Очень скоро наша четверка уже сидела в углу, отчаянно дымила, а карты так и порхали. Я помнил, как отчаянно зубрил под конец каникул; помнил, как мама сказала, что мальчики, которые занимаются кое-как, теперь умирают. Я помнил все это, но оно отодвинулось далеко в прошлое, как и мы с Кэрол в моей машине, когда “Плоттеры” пели “Время сумерек”.
Я поднял голову и увидел, что в дверях, опираясь на костыли, стоит Стоук Джонс и глядит на нас с обычным невозмутимым презрением. Его черные волосы казались гуще, чем прежде, круче завивались над ушами, тяжелее падали на ворот фуфайки. Он непрерывно сопел, с носа свисала капля, глаза слезились, но в остальном он выглядел не хуже, чем до каникул.
— Стоук! — сказал я. — Как дела?
— Кто знает, — сказал он. — Возможно, лучше, чем у тебя.
— Валяй сюда, Рви-Рви, приволоки табуреточку, — сказал Ронни. — Мы тебя научим играть в эту игру.
— У вас мне учиться нечему, — сказал Стоук и захромал прочь. Мы услышали удаляющийся перестук костылей, краткий пароксизм кашля.
— Этот безногий педик меня жутко любит, — сказал Ронни. — Просто стесняется показать.

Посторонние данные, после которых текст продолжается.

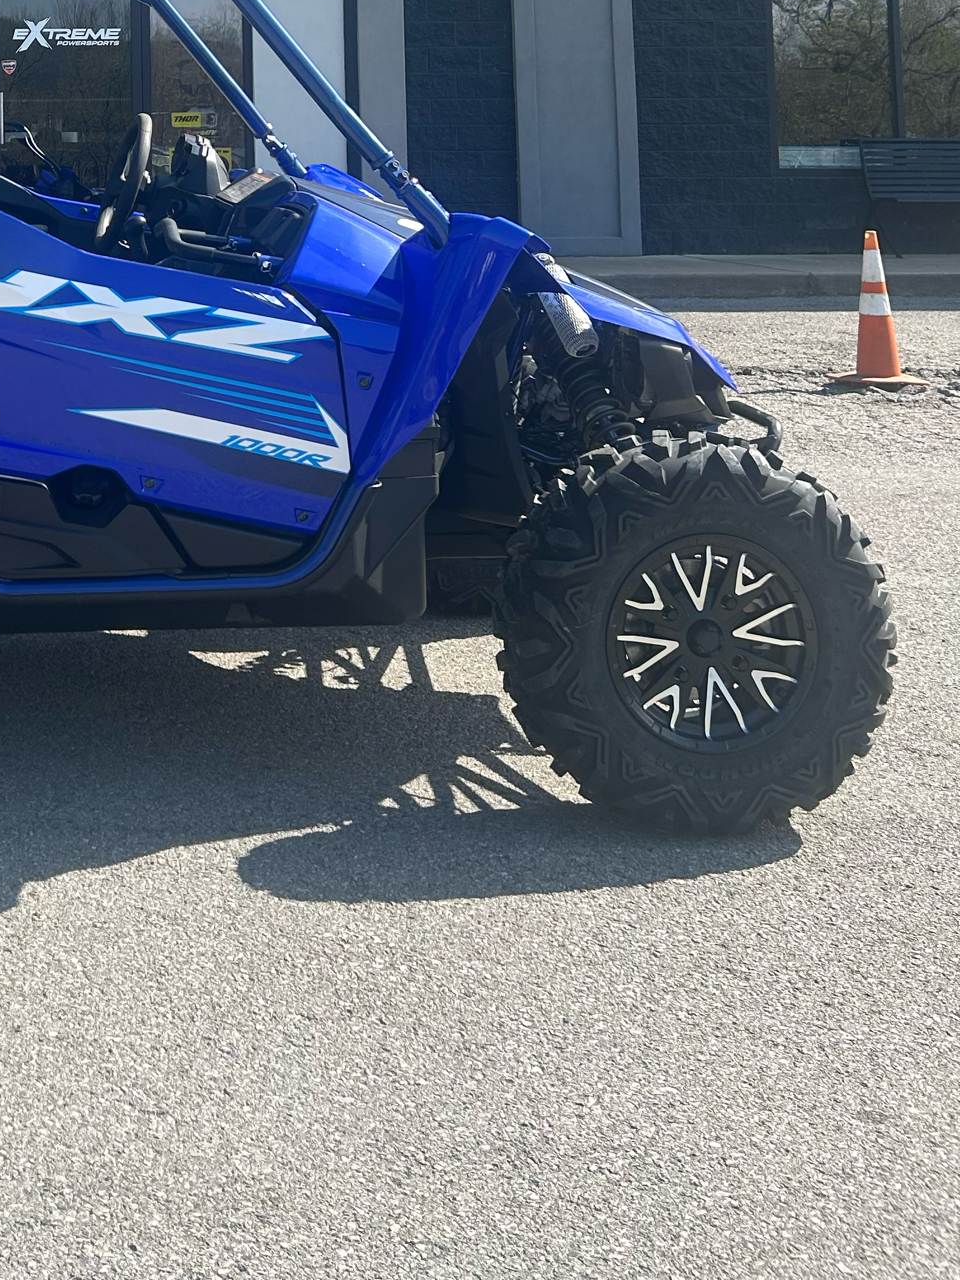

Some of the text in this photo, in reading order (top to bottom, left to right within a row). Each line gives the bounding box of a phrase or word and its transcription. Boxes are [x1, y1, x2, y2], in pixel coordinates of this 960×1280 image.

[12, 17, 121, 53] EXTREME
[173, 115, 200, 123] THOR
[220, 435, 333, 468] 1000R
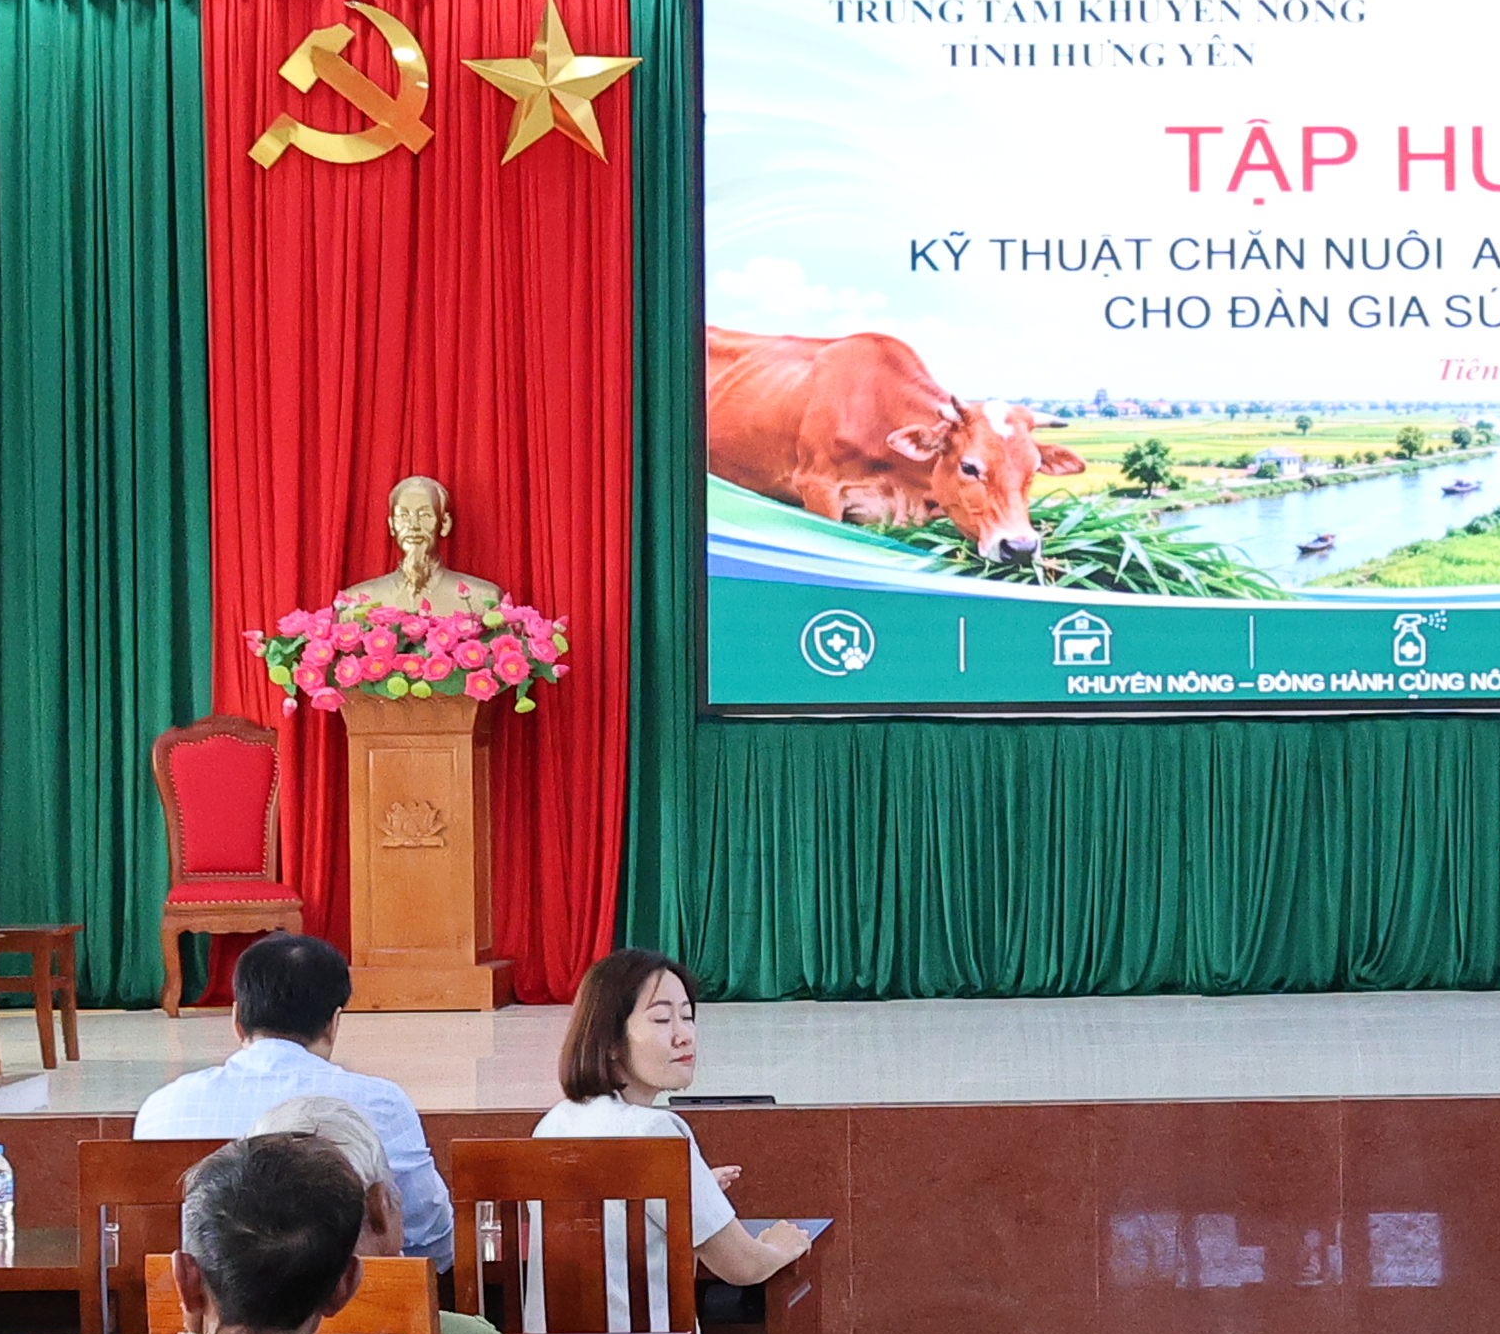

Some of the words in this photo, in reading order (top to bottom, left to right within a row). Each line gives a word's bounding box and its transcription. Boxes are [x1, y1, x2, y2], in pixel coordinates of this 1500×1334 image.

[828, 0, 965, 24] TRUNG
[1052, 38, 1166, 68] HƯNG
[1177, 33, 1257, 68] YÊN
[1164, 117, 1358, 206] TẬP
[910, 231, 972, 272] KỸ
[989, 234, 1153, 278] THUẬT
[1168, 230, 1306, 271] CHĂN
[1325, 230, 1443, 271] NUÔI
[1104, 295, 1211, 330] CHO
[1227, 288, 1329, 329] ĐÀN
[1348, 295, 1430, 329] GIA
[1438, 356, 1500, 382] Tiên

— Я тебе кое-что покажу, если ты не кончишь сдавать эти хреновы карты, — сказал Скип.
— Я осеня-осеня боюся, — сказал Ронни голосом Элмера Фадца. Смешным это казалось только ему одному. Он прижался головой к локтю Марка Сент-Пьера, изображая испуг.
Марк резко отдернул руку.
— Отвянь, твою мать. Рубашка совсем новая, Мейлфант, и гной из твоих прыщей мне на ней не требуется.
Прежде чем лицо Ронни озарила веселая улыбка и он закудахтал, я уловил стремительно промелькнувшую отчаянную боль. Но она оставила меня равнодушным. Проблемы Ронни могли быть подлинными, но симпатичнее они его не делали. Для меня он был просто хвастливым трепачом, который умел играть в карты.

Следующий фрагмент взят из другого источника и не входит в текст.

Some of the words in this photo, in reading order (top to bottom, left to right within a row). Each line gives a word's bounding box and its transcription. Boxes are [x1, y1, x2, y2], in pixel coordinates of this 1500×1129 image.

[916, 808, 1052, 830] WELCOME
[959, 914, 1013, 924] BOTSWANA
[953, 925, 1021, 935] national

— Ну же! — сказал я Билли Марчанту. — Сдавай! Я хочу еще успеть позаниматься.
Но, разумеется, в этот вечер никто из нас не занимался, Вместо того чтобы пройти за дни каникул, лихорадка стала только еще сильнее.
В начале одиннадцатого я пошел взять новую пачку сигарет и еще в коридоре за шесть дверей до нашей комнаты понял, что Нат вернулся. “Любовь пылает, где моя Розмари гуляет” доносилось из комнаты, которую Ник Праути делил с Барри Маржо, но еще дальше Фил Оке пел “Рэг призывника-отказника”.
Почти внутри стенного шкафа Нат развешивал свою одежду. Не только он, насколько я знал, был единственным в университете, кто спал в пижаме, он был вдобавок единственным, кто пользовался плечиками. Сам я повесил в шкаф только мою школьную куртку. Теперь я вытащил ее и начал обшаривать карманы в поиске сигарет.
— Привет, Нат, как дела? Подкрепился маминым соусом под завязку?
— Я… — начал он, но тут увидел рисунок на спине куртки и расхохотался.
— Что такое? — спросил я. — Это так уж смешно?
— В некотором смысле, — сказал он и почти исчез в шкафу. — Вот посмотри!
Он вынырнул, держа в руках старый бушлат, и повернул его так, чтобы я увидел спину. На ней красовался воробьиный следок, гораздо более аккуратный, чем мой. Нат использовал серебряную клейкую ленту. Теперь захохотали мы оба.
— Два идиота — одна работа, — сказал я.
— Ерунда! Великие умы сходятся.
— И это означает то, что означает?
— Ну.., во всяком случае, то, что я думаю. А что теперь на уме у тебя, Пит?